# What is being asked
Entries follow. Set all of them down as they stand.
-- Supplied records follows --
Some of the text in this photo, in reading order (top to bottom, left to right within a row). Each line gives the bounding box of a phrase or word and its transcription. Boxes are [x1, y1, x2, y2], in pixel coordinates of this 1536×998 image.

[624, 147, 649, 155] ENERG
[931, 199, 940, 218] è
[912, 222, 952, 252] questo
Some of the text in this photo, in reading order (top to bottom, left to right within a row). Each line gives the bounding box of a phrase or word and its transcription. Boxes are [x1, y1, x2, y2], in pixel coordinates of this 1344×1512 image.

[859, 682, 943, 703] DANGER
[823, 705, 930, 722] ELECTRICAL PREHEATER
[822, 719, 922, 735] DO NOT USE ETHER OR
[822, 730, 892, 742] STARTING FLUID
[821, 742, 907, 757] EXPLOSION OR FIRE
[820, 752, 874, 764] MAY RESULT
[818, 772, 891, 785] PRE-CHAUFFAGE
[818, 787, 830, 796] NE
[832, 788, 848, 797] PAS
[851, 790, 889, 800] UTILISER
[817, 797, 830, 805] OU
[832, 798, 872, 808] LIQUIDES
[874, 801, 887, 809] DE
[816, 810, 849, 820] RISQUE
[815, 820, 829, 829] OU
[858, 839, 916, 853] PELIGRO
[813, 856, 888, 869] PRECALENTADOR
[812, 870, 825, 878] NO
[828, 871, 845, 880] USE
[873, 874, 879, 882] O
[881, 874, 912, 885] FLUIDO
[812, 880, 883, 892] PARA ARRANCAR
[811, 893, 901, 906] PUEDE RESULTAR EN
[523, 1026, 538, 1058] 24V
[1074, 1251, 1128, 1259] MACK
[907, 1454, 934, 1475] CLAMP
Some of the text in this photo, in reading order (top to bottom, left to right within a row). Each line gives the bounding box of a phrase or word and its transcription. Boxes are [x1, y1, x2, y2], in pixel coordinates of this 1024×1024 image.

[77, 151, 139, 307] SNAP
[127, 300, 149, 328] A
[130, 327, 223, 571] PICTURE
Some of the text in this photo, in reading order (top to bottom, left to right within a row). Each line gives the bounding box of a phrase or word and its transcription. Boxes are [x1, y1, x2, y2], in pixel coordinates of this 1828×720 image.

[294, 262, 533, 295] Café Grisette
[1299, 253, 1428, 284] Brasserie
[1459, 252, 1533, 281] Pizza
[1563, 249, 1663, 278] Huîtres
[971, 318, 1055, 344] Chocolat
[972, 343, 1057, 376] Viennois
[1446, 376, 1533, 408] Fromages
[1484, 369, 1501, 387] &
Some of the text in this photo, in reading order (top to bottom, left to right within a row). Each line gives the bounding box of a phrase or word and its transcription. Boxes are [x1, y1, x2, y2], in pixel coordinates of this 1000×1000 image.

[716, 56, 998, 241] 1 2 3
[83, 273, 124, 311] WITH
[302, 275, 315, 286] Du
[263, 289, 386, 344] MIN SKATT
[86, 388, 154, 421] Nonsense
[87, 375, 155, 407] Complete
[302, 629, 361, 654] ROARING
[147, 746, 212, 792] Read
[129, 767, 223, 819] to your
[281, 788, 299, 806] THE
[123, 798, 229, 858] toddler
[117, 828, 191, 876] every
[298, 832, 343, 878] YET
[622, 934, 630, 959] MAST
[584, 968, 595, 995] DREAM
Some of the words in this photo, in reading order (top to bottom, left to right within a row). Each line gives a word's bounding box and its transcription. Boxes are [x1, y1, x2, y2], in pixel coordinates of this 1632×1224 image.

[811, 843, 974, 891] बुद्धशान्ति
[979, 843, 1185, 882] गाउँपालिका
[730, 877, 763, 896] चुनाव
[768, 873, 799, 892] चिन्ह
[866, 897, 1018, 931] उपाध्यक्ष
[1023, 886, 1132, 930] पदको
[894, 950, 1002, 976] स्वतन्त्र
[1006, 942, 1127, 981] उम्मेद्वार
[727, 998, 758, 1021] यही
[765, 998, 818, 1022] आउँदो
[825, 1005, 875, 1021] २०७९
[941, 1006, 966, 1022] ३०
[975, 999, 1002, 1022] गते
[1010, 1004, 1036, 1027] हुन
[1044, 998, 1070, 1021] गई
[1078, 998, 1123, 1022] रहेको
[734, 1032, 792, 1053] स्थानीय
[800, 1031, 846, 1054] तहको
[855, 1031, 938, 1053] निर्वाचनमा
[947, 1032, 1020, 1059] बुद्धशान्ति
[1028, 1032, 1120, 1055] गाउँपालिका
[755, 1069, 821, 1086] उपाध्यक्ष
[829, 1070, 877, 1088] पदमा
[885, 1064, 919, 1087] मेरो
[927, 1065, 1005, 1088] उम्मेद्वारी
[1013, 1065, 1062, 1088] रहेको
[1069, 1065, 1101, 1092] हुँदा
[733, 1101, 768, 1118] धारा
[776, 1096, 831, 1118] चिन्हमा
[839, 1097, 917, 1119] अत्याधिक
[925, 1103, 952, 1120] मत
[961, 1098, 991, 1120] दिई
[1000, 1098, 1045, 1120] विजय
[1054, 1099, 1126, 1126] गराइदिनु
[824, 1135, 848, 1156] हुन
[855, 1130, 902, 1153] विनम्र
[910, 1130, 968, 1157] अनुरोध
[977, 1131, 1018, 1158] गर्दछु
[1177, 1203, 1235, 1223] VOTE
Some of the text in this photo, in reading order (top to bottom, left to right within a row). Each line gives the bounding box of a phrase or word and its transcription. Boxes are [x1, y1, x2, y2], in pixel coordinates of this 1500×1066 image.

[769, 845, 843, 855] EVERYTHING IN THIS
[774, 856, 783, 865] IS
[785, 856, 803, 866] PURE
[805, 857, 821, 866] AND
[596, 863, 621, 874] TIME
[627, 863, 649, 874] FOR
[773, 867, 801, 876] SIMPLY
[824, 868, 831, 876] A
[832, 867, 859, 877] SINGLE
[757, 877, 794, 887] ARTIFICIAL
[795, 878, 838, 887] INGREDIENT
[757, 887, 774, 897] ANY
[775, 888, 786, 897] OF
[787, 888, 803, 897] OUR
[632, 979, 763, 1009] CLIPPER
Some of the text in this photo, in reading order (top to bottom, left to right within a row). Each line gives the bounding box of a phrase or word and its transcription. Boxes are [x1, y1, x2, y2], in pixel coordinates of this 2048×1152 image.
-- Supplied records concluded --
# Output for this task
Some of the text in this photo, in reading order (top to bottom, left to right within a row). Each line gives the bounding box of a phrase or word and its transcription. Boxes are [x1, y1, x2, y2], in pixel coordinates of this 1536×998 image.

[624, 147, 649, 155] ENERG
[931, 199, 940, 218] è
[912, 222, 952, 252] questo
Some of the text in this photo, in reading order (top to bottom, left to right within a row). Each line gives the bounding box of a phrase or word and its transcription. Boxes are [x1, y1, x2, y2], in pixel coordinates of this 1344×1512 image.

[859, 682, 943, 703] DANGER
[823, 705, 930, 722] ELECTRICAL PREHEATER
[822, 719, 922, 735] DO NOT USE ETHER OR
[822, 730, 892, 742] STARTING FLUID
[821, 742, 907, 757] EXPLOSION OR FIRE
[820, 752, 874, 764] MAY RESULT
[818, 772, 891, 785] PRE-CHAUFFAGE
[818, 787, 830, 796] NE
[832, 788, 848, 797] PAS
[851, 790, 889, 800] UTILISER
[817, 797, 830, 805] OU
[832, 798, 872, 808] LIQUIDES
[874, 801, 887, 809] DE
[816, 810, 849, 820] RISQUE
[815, 820, 829, 829] OU
[858, 839, 916, 853] PELIGRO
[813, 856, 888, 869] PRECALENTADOR
[812, 870, 825, 878] NO
[828, 871, 845, 880] USE
[873, 874, 879, 882] O
[881, 874, 912, 885] FLUIDO
[812, 880, 883, 892] PARA ARRANCAR
[811, 893, 901, 906] PUEDE RESULTAR EN
[523, 1026, 538, 1058] 24V
[1074, 1251, 1128, 1259] MACK
[907, 1454, 934, 1475] CLAMP
Some of the text in this photo, in reading order (top to bottom, left to right within a row). Each line gives the bounding box of a phrase or word and its transcription. Boxes are [x1, y1, x2, y2], in pixel coordinates of this 1024×1024 image.

[77, 151, 139, 307] SNAP
[127, 300, 149, 328] A
[130, 327, 223, 571] PICTURE
Some of the text in this photo, in reading order (top to bottom, left to right within a row). Each line gives the bounding box of a phrase or word and its transcription. Boxes are [x1, y1, x2, y2], in pixel coordinates of this 1828×720 image.

[294, 262, 533, 295] Café Grisette
[1299, 253, 1428, 284] Brasserie
[1459, 252, 1533, 281] Pizza
[1563, 249, 1663, 278] Huîtres
[971, 318, 1055, 344] Chocolat
[972, 343, 1057, 376] Viennois
[1446, 376, 1533, 408] Fromages
[1484, 369, 1501, 387] &
Some of the text in this photo, in reading order (top to bottom, left to right within a row). Each line gives the bounding box of a phrase or word and its transcription. Boxes are [x1, y1, x2, y2], in pixel coordinates of this 1000×1000 image.

[716, 56, 998, 241] 1 2 3
[83, 273, 124, 311] WITH
[302, 275, 315, 286] Du
[263, 289, 386, 344] MIN SKATT
[86, 388, 154, 421] Nonsense
[87, 375, 155, 407] Complete
[302, 629, 361, 654] ROARING
[147, 746, 212, 792] Read
[129, 767, 223, 819] to your
[281, 788, 299, 806] THE
[123, 798, 229, 858] toddler
[117, 828, 191, 876] every
[298, 832, 343, 878] YET
[622, 934, 630, 959] MAST
[584, 968, 595, 995] DREAM
Some of the words in this photo, in reading order (top to bottom, left to right within a row). Each line gives a word's bounding box and its transcription. Boxes are [x1, y1, x2, y2], in pixel coordinates of this 1632×1224 image.

[811, 843, 974, 891] बुद्धशान्ति
[979, 843, 1185, 882] गाउँपालिका
[730, 877, 763, 896] चुनाव
[768, 873, 799, 892] चिन्ह
[866, 897, 1018, 931] उपाध्यक्ष
[1023, 886, 1132, 930] पदको
[894, 950, 1002, 976] स्वतन्त्र
[1006, 942, 1127, 981] उम्मेद्वार
[727, 998, 758, 1021] यही
[765, 998, 818, 1022] आउँदो
[825, 1005, 875, 1021] २०७९
[941, 1006, 966, 1022] ३०
[975, 999, 1002, 1022] गते
[1010, 1004, 1036, 1027] हुन
[1044, 998, 1070, 1021] गई
[1078, 998, 1123, 1022] रहेको
[734, 1032, 792, 1053] स्थानीय
[800, 1031, 846, 1054] तहको
[855, 1031, 938, 1053] निर्वाचनमा
[947, 1032, 1020, 1059] बुद्धशान्ति
[1028, 1032, 1120, 1055] गाउँपालिका
[755, 1069, 821, 1086] उपाध्यक्ष
[829, 1070, 877, 1088] पदमा
[885, 1064, 919, 1087] मेरो
[927, 1065, 1005, 1088] उम्मेद्वारी
[1013, 1065, 1062, 1088] रहेको
[1069, 1065, 1101, 1092] हुँदा
[733, 1101, 768, 1118] धारा
[776, 1096, 831, 1118] चिन्हमा
[839, 1097, 917, 1119] अत्याधिक
[925, 1103, 952, 1120] मत
[961, 1098, 991, 1120] दिई
[1000, 1098, 1045, 1120] विजय
[1054, 1099, 1126, 1126] गराइदिनु
[824, 1135, 848, 1156] हुन
[855, 1130, 902, 1153] विनम्र
[910, 1130, 968, 1157] अनुरोध
[977, 1131, 1018, 1158] गर्दछु
[1177, 1203, 1235, 1223] VOTE
Some of the text in this photo, in reading order (top to bottom, left to right within a row). Each line gives the bounding box of a phrase or word and its transcription. Boxes are [x1, y1, x2, y2], in pixel coordinates of this 1500×1066 image.

[769, 845, 843, 855] EVERYTHING IN THIS
[774, 856, 783, 865] IS
[785, 856, 803, 866] PURE
[805, 857, 821, 866] AND
[596, 863, 621, 874] TIME
[627, 863, 649, 874] FOR
[773, 867, 801, 876] SIMPLY
[824, 868, 831, 876] A
[832, 867, 859, 877] SINGLE
[757, 877, 794, 887] ARTIFICIAL
[795, 878, 838, 887] INGREDIENT
[757, 887, 774, 897] ANY
[775, 888, 786, 897] OF
[787, 888, 803, 897] OUR
[632, 979, 763, 1009] CLIPPER
Some of the text in this photo, in reading order (top to bottom, left to right within a row). Each line gives the bounding box of a phrase or word and its transcription. Boxes are [x1, y1, x2, y2], in pixel coordinates of this 2048×1152 image.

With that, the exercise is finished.